Legends Of The Fall is a movie that tells the story of three brothers and their father and how time changes them all. It’s a movie that has guts, which is startlingly refreshing in today’s day and age. Main characters are killed and others cross lines with what they do and with each other. Characters hold grudges in this movie and the conflict between father and siblings is on the level of the great works of Shakespeare. Instead of competing for who will take over their father’s legacy, or throne, however, these brothers compete for the love of a woman.

 

It’s a daring idea to have a movie based around this concept. We’ve seen friends compete for the same woman, but never three different brothers. In addition, each brother gets with her too, in one-way or another.
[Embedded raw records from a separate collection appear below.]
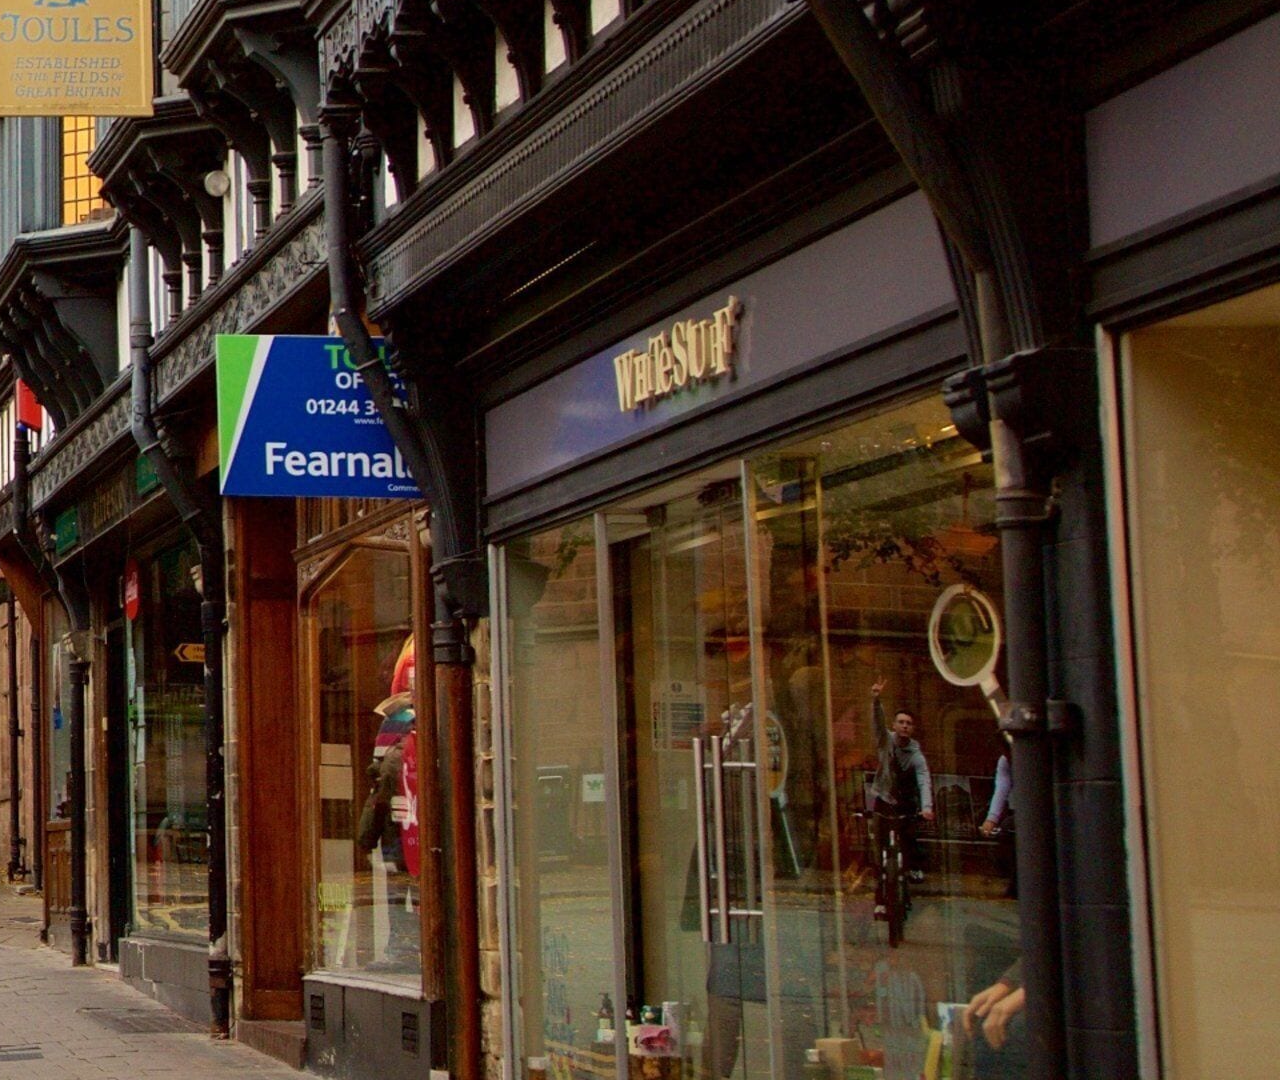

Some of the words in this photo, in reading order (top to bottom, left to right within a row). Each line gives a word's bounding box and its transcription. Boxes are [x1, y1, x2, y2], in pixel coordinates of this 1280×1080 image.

[0, 13, 135, 43] JOULES
[15, 56, 122, 69] ESTABLISHED
[10, 73, 24, 82] IN
[28, 73, 49, 82] THE
[53, 71, 110, 83] FIELDS
[111, 74, 125, 82] OF
[15, 85, 60, 98] GREAT
[65, 86, 122, 97] BRITAIN
[306, 399, 360, 414] 01244
[265, 442, 413, 477] Fearnal
That is to say, the relationships between this woman, Susanna, (Julia Ormond) and each brother represents a different time period and stage in the brother’s lives.

 

The movie starts out when the boys are little, establishing the family, why their mother doesn’t live with them, why they live on a farm all the way in the isolation of the mountains, and who each brother is. In particular, there is a focus on Tristan, (the brad Pitt character), who is the most rebellious and animalistic of the three. Tristan is in touch with his spiritual side, but he also does things without always thinking or having reason. As a child, he wrestles with a bare, gets hurt by the creature, but manages to take the bear’s claw. He’s passionate, but also a little crazy.

 

The boys grow older as American history approaches the First World War. Two of the brothers live at home with their father (Anthony Hopkins), while the youngest brother, Samuel (Henry Thomas), lives in town with the mother. Samuel is coming back home to introduce his fiancé (Ormond), to the men of the family. In addition, that’s where the story really gets started.

 

The boys end up all going off to war together, despite their father’s protests. The night before going, Tristan and Susanna end up having a moment together that looks as if they are having an affair. There is certainly chemistry between them, and older brother Henry (Aidan Quinn) catches them. This is a moment that will stay in both brothers’ heads for years to follow.

 

The three boys go off to war with Tristan going solely to watch over his younger brother, Samuel. Something goes wrong and one of the brothers is killed. This moment as well as the way Tristan reacts to it is handled so Delicately and with such great attention to detail that it is both powerful and haunting.

 

The second half of the movie is about the brothers after they have returned from battle. Susanna takes up with another one of the brothers only to find that he is lost and needs to go out to the world to experience and explore. That brother, Tristan, has always been a wild card. He’s the bad boy who is totally unpredictable and it’s the reason why Susanna finds him so irresistible.

 

The characters start to grow old now, as the movie approaches its third section. Susanna waits and waits for Tristan to return, and eventually settles down with another. When Tristan does return, things have changed. The father as well as Henry and the life he has made for himself, have all gone through drastic transformations.

 

But the final section is not all about wrapping things up, and has an isolated storyline of it’s own, involving bootlegging and more conflict and death. This movie keeps the energy and violence going strong throughout the film and that helps us stay riveted and on the edges of our seats. A number of the main characters meet their deaths here, often in unsuspecting ways, which is all the more reason why this tale resembles the work of Shakespeare.

 

Legends Of The Fall are a tremendous movie. It’s a film by Edward Zwick, the director who pursues projects involving both nature and history with powerful storylines. This is the guy who made glory, the last samurai, blood diamond, courage under fire, and the siege. He generally makes good movies, and legends of the fall is quite possible his best. That’s because the story is fully loaded with powerful moments and surprises as well as dramatic plot points and exciting action. Zwick is the kind of director who falls right in between the nature of Terrence Malick and the battle action of Ridley Scott. He is all about making realistic films with moving stories and with legends of the fall he absolutely delivers.